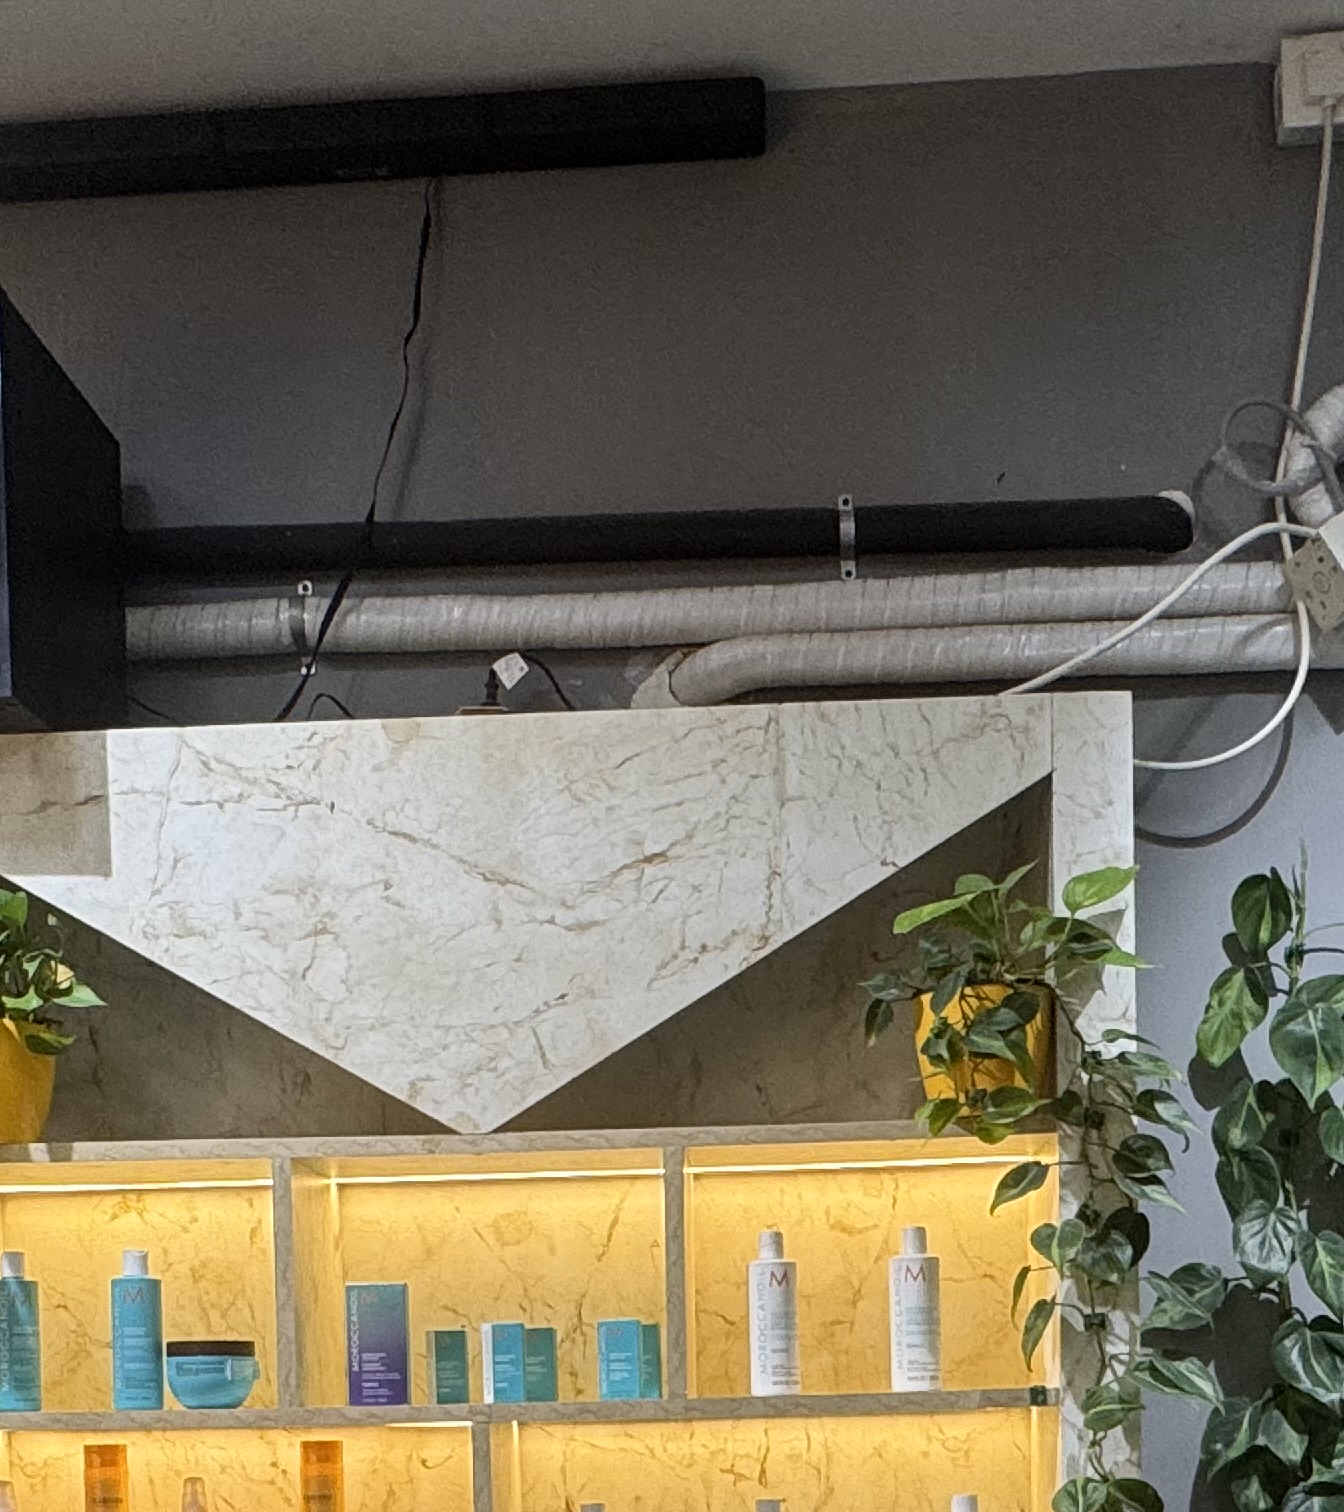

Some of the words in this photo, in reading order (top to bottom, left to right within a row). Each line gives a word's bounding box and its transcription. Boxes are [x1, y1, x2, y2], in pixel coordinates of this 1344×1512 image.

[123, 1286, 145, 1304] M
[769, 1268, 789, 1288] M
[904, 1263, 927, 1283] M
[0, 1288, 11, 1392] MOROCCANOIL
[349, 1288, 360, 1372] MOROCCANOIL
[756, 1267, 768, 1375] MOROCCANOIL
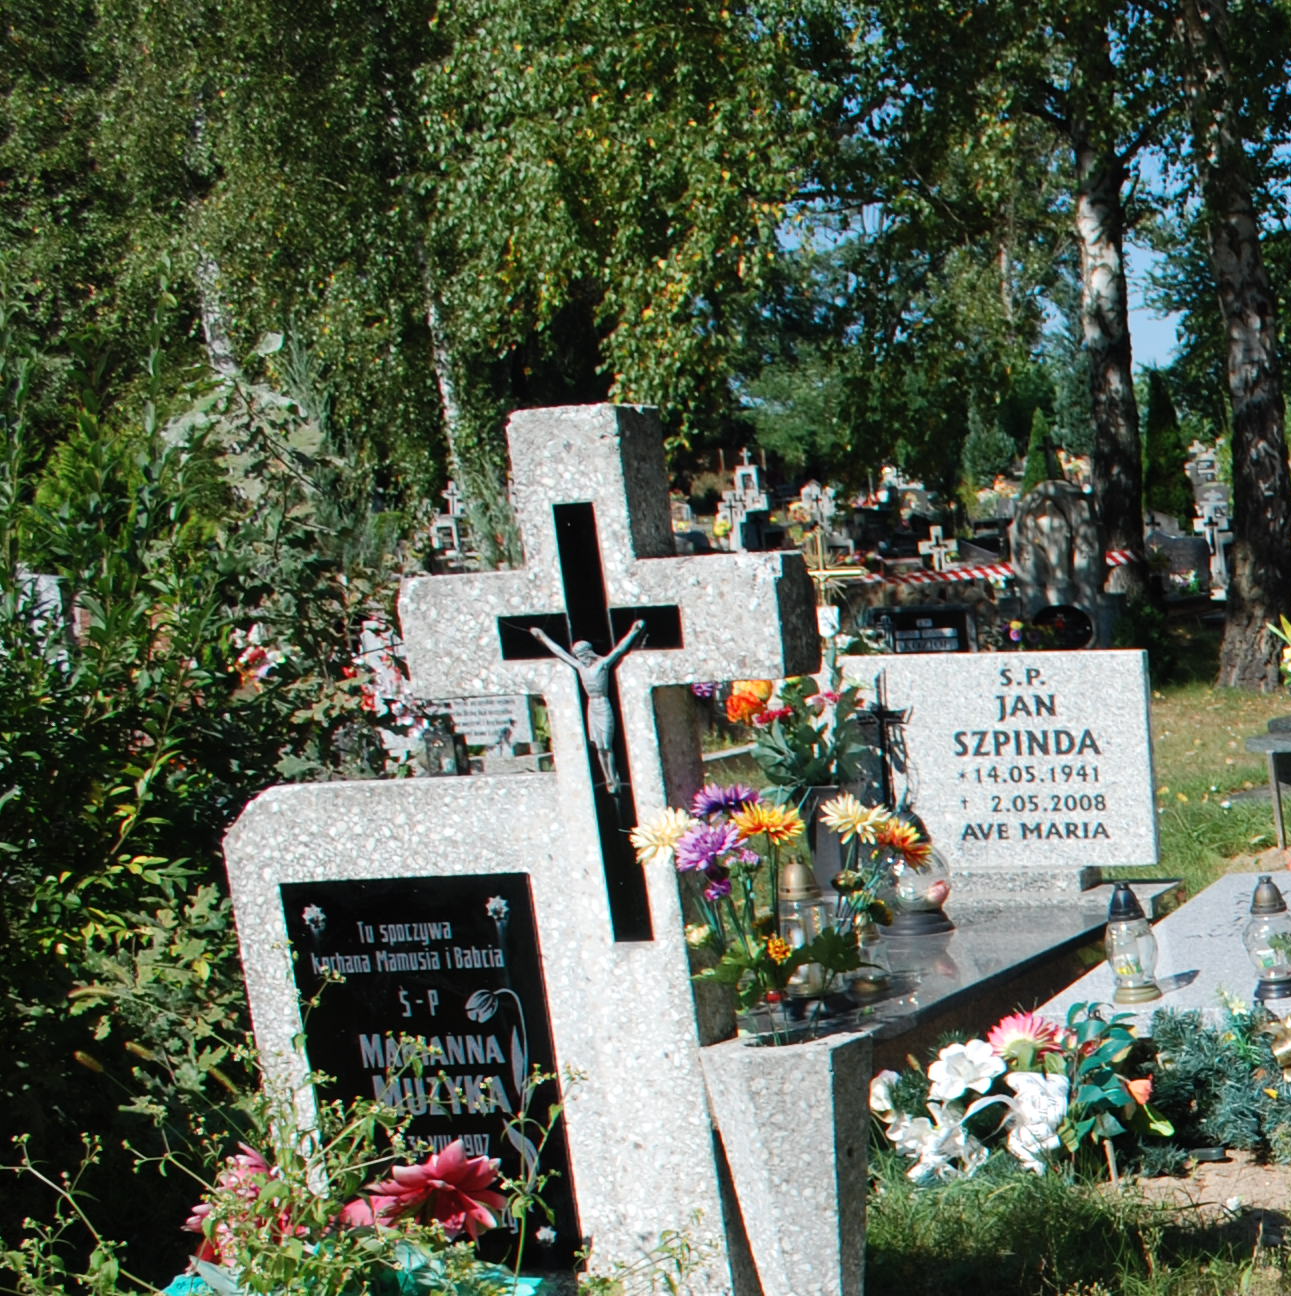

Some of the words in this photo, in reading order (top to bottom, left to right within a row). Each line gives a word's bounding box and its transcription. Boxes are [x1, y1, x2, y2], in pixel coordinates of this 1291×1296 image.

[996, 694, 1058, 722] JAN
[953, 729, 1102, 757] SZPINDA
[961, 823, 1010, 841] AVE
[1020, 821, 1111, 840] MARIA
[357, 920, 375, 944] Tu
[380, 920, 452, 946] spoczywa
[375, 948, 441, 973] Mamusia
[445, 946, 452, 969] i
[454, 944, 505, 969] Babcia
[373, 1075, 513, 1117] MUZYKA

§ ABOUT THIS EXERCISE:
Since the listing holds pictures, return everything else in it exactly and omit those.

§ FINISHED TASK:
Some of the words in this photo, in reading order (top to bottom, left to right within a row). Each line gives a word's bounding box and its transcription. Boxes are [x1, y1, x2, y2], in pixel coordinates of this 1344×1512 image.

[123, 1286, 145, 1304] M
[769, 1268, 789, 1288] M
[904, 1263, 927, 1283] M
[0, 1288, 11, 1392] MOROCCANOIL
[349, 1288, 360, 1372] MOROCCANOIL
[756, 1267, 768, 1375] MOROCCANOIL

Some of the words in this photo, in reading order (top to bottom, left to right within a row). Each line gives a word's bounding box and its transcription. Boxes are [x1, y1, x2, y2], in pixel coordinates of this 1291×1296 image.

[996, 694, 1058, 722] JAN
[953, 729, 1102, 757] SZPINDA
[961, 823, 1010, 841] AVE
[1020, 821, 1111, 840] MARIA
[357, 920, 375, 944] Tu
[380, 920, 452, 946] spoczywa
[375, 948, 441, 973] Mamusia
[445, 946, 452, 969] i
[454, 944, 505, 969] Babcia
[373, 1075, 513, 1117] MUZYKA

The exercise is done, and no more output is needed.